The Sons spread themselves through all classes with the use of the mob mentality. They tended to covert with city gangs in roughhousing and lawbreaking. These groups were very much prominent in the daily life of city dwellers in the 1770s, and often threatened the livelihood and mental stability of the innocent commoners living amongst them.

The Boston Massacre


On March 5th, 1750, a small group of colonists began to terrorize a formation of British soldiers settled in front of the Customs House in Boston. The conflict escalated until shots were fired into the crowd, leaving some wounded and five dead. There were many witnesses to the event, and yet much of the alleged truths cross each other in different ways. Witnesses such as James Woodall claimed that a British soldier only fired out of confusion after a heavy stick was thrown at him. (3) However, Peter Cunningham alleged that he heard Captain Prescott, leader of the British regime in the area, order the men to load their weapons. Many claimed that Prescott never told the men to fire, and even reprimanded the soldiers and told them to put away their weapons. And yet, the combined forces of the angry mobs surrounding the event, and the propaganda that followed created even more radical anti-Britain hysteria. The colonists appeared to be growing ever more reckless and out of control.

The Boston Tea Party


In the aftermath of the Tea Act of 1773, a group of radical colonists (set with Native American guises) in headed to Boston Harbor and dumped 342 chests (90,000 pounds) of taxed tea into the water. (4) Many colonists absolved from tea altogether in protest (an incredibly radical move for the British -- imagine an American giving up caffeine and you get the idea), and instead chose to drink "balsamic hyperion." This act of defiance against the British set the colonists apart as uncontrollable and testy. The destruction of the tea symbolized more than just property, but the destruction of British commerce and rule itself. Wasted, unused tea washed up on the shores of Boston for weeks after the event.

Tarring and Feathering, and Other Hate Crimes

Many colonists partook in hate crimes against Loyalists to the British. These injustices included tarring and feathering, in which a Loyalists body would be stripped, covered in hot tar, and then coated in bird feathers. "Pitchcapping" was also a method used, in which a paper cap was bound to the head, covered in tar, and then allowed to cool. The cap was then torn off, usually disfiguring that person for life. Ears were often lost in the process. The colonists also "railed," which involved straddling Loyalists on sharp fence railings and parading them around the city. These hate crimes were well publicized and rallied with the help of furious mobs of colonists. Tarring and feathering often resulted in death. (5)

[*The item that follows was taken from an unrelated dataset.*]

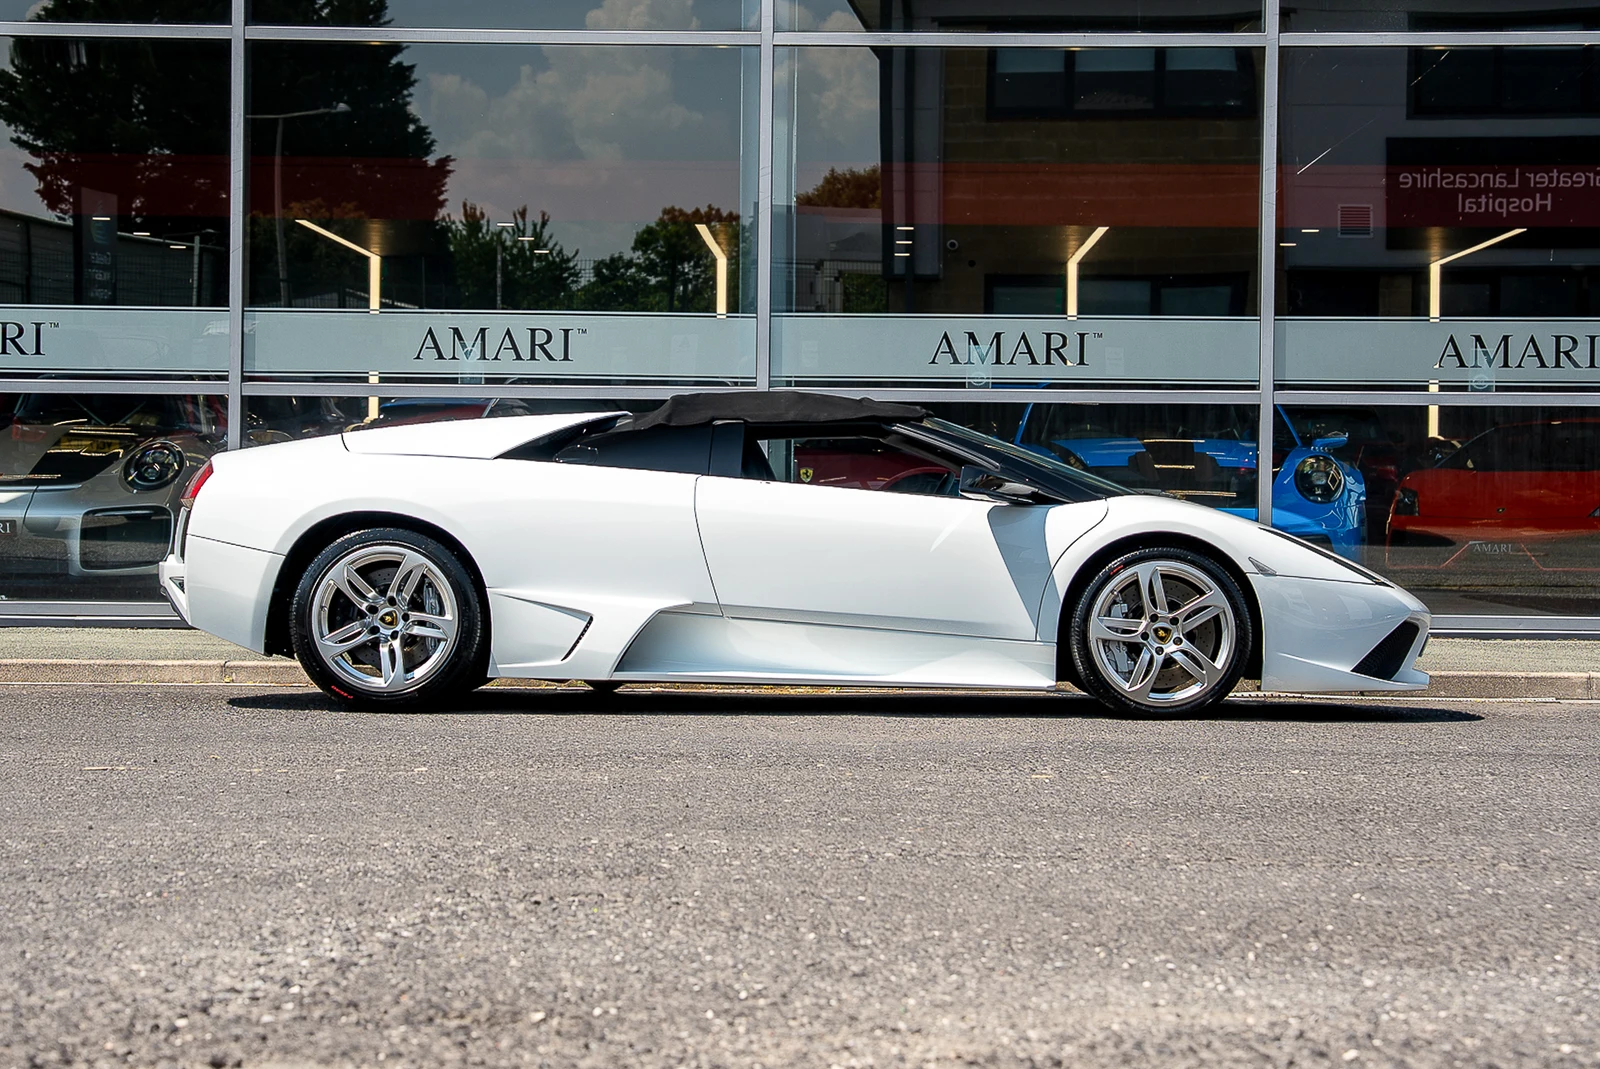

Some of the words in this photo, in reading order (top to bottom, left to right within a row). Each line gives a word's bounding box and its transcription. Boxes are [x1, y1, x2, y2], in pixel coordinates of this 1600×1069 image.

As a United States history student, colonial mob rule is generally legitimized, as it was a tool used to gain "liberty and the pursuit of happiness." However, it is difficult to pursue happiness when you're too busy having hot materials poured onto your skin and then pierced with heavy barbs. My point is, in the process of fighting for a taste of freedom, the colonists managed to radicalize daily life of the 1770s with violence and uproar. Often the humiliation and degradation of few is the price to pay for the freedom of many -- and yet still, that price is paid again and again throughout history. This wiki page humbly concludes that the birth and formation of our country is no exception.